*** Opening Given data ***

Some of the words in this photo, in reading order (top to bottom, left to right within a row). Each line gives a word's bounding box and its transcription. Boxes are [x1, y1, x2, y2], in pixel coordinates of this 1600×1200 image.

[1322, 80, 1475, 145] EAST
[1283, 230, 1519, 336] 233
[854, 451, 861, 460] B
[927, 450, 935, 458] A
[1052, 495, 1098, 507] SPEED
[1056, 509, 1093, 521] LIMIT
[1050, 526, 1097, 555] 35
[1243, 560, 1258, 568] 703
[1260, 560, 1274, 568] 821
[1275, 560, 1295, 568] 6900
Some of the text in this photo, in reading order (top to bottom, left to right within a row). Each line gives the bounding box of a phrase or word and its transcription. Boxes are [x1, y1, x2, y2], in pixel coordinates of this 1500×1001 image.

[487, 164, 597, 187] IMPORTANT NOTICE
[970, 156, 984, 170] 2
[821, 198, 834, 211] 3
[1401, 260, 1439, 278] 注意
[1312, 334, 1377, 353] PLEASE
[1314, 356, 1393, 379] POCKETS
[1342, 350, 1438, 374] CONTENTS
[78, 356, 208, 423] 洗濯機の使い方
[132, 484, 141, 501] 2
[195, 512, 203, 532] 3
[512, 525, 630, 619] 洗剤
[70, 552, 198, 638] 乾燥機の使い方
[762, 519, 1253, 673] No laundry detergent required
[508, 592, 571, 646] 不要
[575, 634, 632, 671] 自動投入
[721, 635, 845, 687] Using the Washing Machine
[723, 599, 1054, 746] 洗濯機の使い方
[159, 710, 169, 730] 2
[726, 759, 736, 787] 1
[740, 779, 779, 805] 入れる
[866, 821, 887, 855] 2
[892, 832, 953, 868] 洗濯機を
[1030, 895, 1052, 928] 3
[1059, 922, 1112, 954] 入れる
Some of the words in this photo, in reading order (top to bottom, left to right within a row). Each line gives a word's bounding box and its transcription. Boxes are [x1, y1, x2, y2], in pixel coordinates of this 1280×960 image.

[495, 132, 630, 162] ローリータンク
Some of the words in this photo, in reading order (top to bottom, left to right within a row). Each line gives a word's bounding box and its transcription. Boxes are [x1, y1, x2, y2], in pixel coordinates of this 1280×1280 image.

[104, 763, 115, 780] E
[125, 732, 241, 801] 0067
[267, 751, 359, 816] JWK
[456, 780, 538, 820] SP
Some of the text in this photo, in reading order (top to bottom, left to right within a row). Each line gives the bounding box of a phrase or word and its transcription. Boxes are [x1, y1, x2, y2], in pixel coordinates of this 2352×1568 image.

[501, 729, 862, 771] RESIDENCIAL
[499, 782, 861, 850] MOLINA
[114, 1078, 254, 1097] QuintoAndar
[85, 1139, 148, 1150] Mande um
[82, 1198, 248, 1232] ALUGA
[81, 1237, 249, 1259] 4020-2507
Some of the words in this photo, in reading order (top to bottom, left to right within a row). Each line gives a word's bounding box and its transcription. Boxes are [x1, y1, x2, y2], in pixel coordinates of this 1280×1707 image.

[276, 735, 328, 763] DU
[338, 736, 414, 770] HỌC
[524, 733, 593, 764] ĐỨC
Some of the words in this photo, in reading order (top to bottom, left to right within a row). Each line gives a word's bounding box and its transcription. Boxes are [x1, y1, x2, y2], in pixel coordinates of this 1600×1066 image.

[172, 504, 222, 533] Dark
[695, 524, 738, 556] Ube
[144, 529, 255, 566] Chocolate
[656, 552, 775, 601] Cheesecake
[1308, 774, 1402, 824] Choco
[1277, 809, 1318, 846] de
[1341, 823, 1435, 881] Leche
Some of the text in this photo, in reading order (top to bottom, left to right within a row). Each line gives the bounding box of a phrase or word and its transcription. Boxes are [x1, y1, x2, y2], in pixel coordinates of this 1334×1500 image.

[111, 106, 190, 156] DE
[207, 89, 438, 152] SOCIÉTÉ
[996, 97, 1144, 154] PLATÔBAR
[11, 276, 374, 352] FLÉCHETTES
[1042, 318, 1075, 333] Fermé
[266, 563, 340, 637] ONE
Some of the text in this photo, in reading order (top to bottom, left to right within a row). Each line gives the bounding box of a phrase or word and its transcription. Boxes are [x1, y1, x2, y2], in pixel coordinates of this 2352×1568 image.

*** Closing Given data ***

What the exercise asks:
The data above is to be restated line for line, word for word.

Answer to this problem:
Some of the words in this photo, in reading order (top to bottom, left to right within a row). Each line gives a word's bounding box and its transcription. Boxes are [x1, y1, x2, y2], in pixel coordinates of this 1600×1200 image.

[1322, 80, 1475, 145] EAST
[1283, 230, 1519, 336] 233
[854, 451, 861, 460] B
[927, 450, 935, 458] A
[1052, 495, 1098, 507] SPEED
[1056, 509, 1093, 521] LIMIT
[1050, 526, 1097, 555] 35
[1243, 560, 1258, 568] 703
[1260, 560, 1274, 568] 821
[1275, 560, 1295, 568] 6900
Some of the text in this photo, in reading order (top to bottom, left to right within a row). Each line gives the bounding box of a phrase or word and its transcription. Boxes are [x1, y1, x2, y2], in pixel coordinates of this 1500×1001 image.

[487, 164, 597, 187] IMPORTANT NOTICE
[970, 156, 984, 170] 2
[821, 198, 834, 211] 3
[1401, 260, 1439, 278] 注意
[1312, 334, 1377, 353] PLEASE
[1314, 356, 1393, 379] POCKETS
[1342, 350, 1438, 374] CONTENTS
[78, 356, 208, 423] 洗濯機の使い方
[132, 484, 141, 501] 2
[195, 512, 203, 532] 3
[512, 525, 630, 619] 洗剤
[70, 552, 198, 638] 乾燥機の使い方
[762, 519, 1253, 673] No laundry detergent required
[508, 592, 571, 646] 不要
[575, 634, 632, 671] 自動投入
[721, 635, 845, 687] Using the Washing Machine
[723, 599, 1054, 746] 洗濯機の使い方
[159, 710, 169, 730] 2
[726, 759, 736, 787] 1
[740, 779, 779, 805] 入れる
[866, 821, 887, 855] 2
[892, 832, 953, 868] 洗濯機を
[1030, 895, 1052, 928] 3
[1059, 922, 1112, 954] 入れる
Some of the words in this photo, in reading order (top to bottom, left to right within a row). Each line gives a word's bounding box and its transcription. Boxes are [x1, y1, x2, y2], in pixel coordinates of this 1280×960 image.

[495, 132, 630, 162] ローリータンク
Some of the words in this photo, in reading order (top to bottom, left to right within a row). Each line gives a word's bounding box and its transcription. Boxes are [x1, y1, x2, y2], in pixel coordinates of this 1280×1280 image.

[104, 763, 115, 780] E
[125, 732, 241, 801] 0067
[267, 751, 359, 816] JWK
[456, 780, 538, 820] SP
Some of the text in this photo, in reading order (top to bottom, left to right within a row). Each line gives the bounding box of a phrase or word and its transcription. Boxes are [x1, y1, x2, y2], in pixel coordinates of this 2352×1568 image.

[501, 729, 862, 771] RESIDENCIAL
[499, 782, 861, 850] MOLINA
[114, 1078, 254, 1097] QuintoAndar
[85, 1139, 148, 1150] Mande um
[82, 1198, 248, 1232] ALUGA
[81, 1237, 249, 1259] 4020-2507
Some of the words in this photo, in reading order (top to bottom, left to right within a row). Each line gives a word's bounding box and its transcription. Boxes are [x1, y1, x2, y2], in pixel coordinates of this 1280×1707 image.

[276, 735, 328, 763] DU
[338, 736, 414, 770] HỌC
[524, 733, 593, 764] ĐỨC
Some of the words in this photo, in reading order (top to bottom, left to right within a row). Each line gives a word's bounding box and its transcription. Boxes are [x1, y1, x2, y2], in pixel coordinates of this 1600×1066 image.

[172, 504, 222, 533] Dark
[695, 524, 738, 556] Ube
[144, 529, 255, 566] Chocolate
[656, 552, 775, 601] Cheesecake
[1308, 774, 1402, 824] Choco
[1277, 809, 1318, 846] de
[1341, 823, 1435, 881] Leche
Some of the text in this photo, in reading order (top to bottom, left to right within a row). Each line gives the bounding box of a phrase or word and its transcription. Boxes are [x1, y1, x2, y2], in pixel coordinates of this 1334×1500 image.

[111, 106, 190, 156] DE
[207, 89, 438, 152] SOCIÉTÉ
[996, 97, 1144, 154] PLATÔBAR
[11, 276, 374, 352] FLÉCHETTES
[1042, 318, 1075, 333] Fermé
[266, 563, 340, 637] ONE
Some of the text in this photo, in reading order (top to bottom, left to right within a row). Each line gives the bounding box of a phrase or word and its transcription. Boxes are [x1, y1, x2, y2], in pixel coordinates of this 2352×1568 image.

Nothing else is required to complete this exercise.